FIGURE 5. TNAP inhibition reduces MC3T3 osteoblast-mediated protection of KG1a-CXCR4 and U937-CXCR4 AML cells from SDF-1-induced apoptosis.

(A) Depiction of MC3T3 osteoblast and KG1a-CXCR4 AML cell line co-culture model. On Day 0, MC3T3 osteoblasts were treated with osteogenic differentiation media and either 0.1% DMSO or 10μM TNAP inhibitor MLS-0038949. On Day 2, the osteoblasts were washed to remove the DMSO or TNAP inhibitor pretreatment and were then co-cultured with KG1a-CXCR4 AML cells. The indicated wells were challenged with 1.3 × 10⁻⁸ M SDF-1. On Day 3, the KG1a-CXCR4 AML cells were harvested and assayed for apoptosis utilizing annexin-V staining and flow cytometry. (B) A representative experiment as performed in (A) shows the percentage of annexin-V positive KG1a-CXCR4 cells from each culture within the YFP gate indicated (gating on cells with high levels of CXCR4 expression as the CXCR4 is YFP tagged). (C) Summary of multiple experiments performed as in (A). Bars depict mean results + S.E.M., n=3; *, indicates p<0.05. (D) Summary of multiple experiments performed as in (A) except with U937-CXCR4 AML cells instead of KG1a-CXCR4 AML cells.

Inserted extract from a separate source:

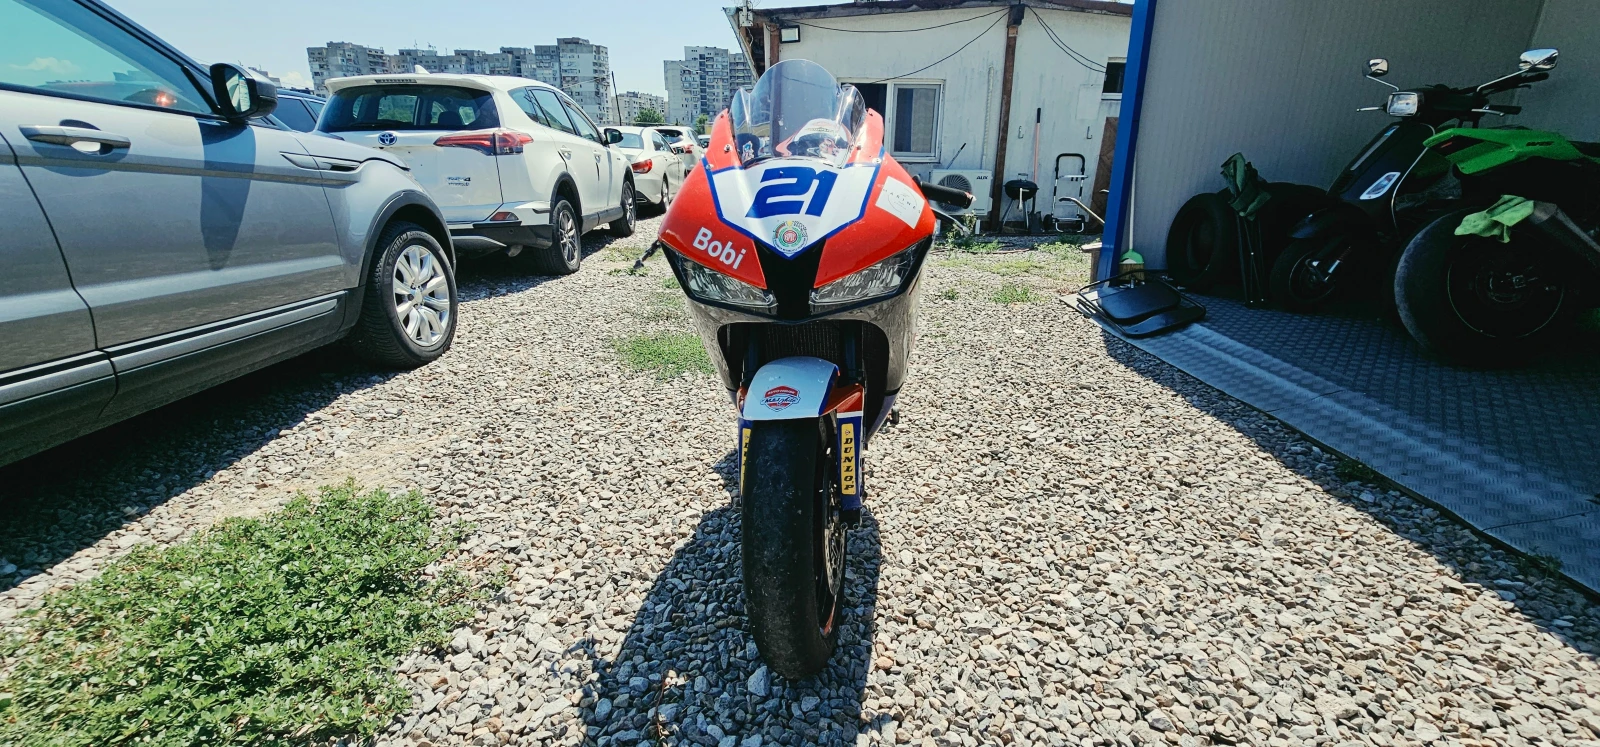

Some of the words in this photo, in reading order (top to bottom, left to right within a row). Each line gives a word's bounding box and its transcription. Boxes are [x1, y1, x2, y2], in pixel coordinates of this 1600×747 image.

Bars depict mean results + S.E.M., n=3; *, indicates p<0.05. (E) MC3T3 cells were treated as in Fig. 4a except live/dead staining and imaging occurred on Day 2 (without the addition of KG1a-CXCR4 AML cells, AMD3100, or SDF-1). Live/dead staining and confocal imaging of live (green) and dead (red) cells were used to ensure MC3T3 cell viability in the presence of TNAP inhibitor. Images were acquired on three separate days for a total of 15 images analyzed for each condition. (F) Statistical summary of (F). Bars depict mean results + S.E.M., n=3.

FIGURE 6. Reduction of TNAP expression or activity in early differentiating osteoblasts inhibits protection of AML cells.

Differentiating osteoblasts protect AML cells from SDF-1 induced apoptosis. HDACi and CSA inhibit osteoblast differentiation and TNAP expression as well as osteoblast-mediated protection of AML cells. Reducing TNAP expression or activity reduces osteoblast-mediated protection of AML cells.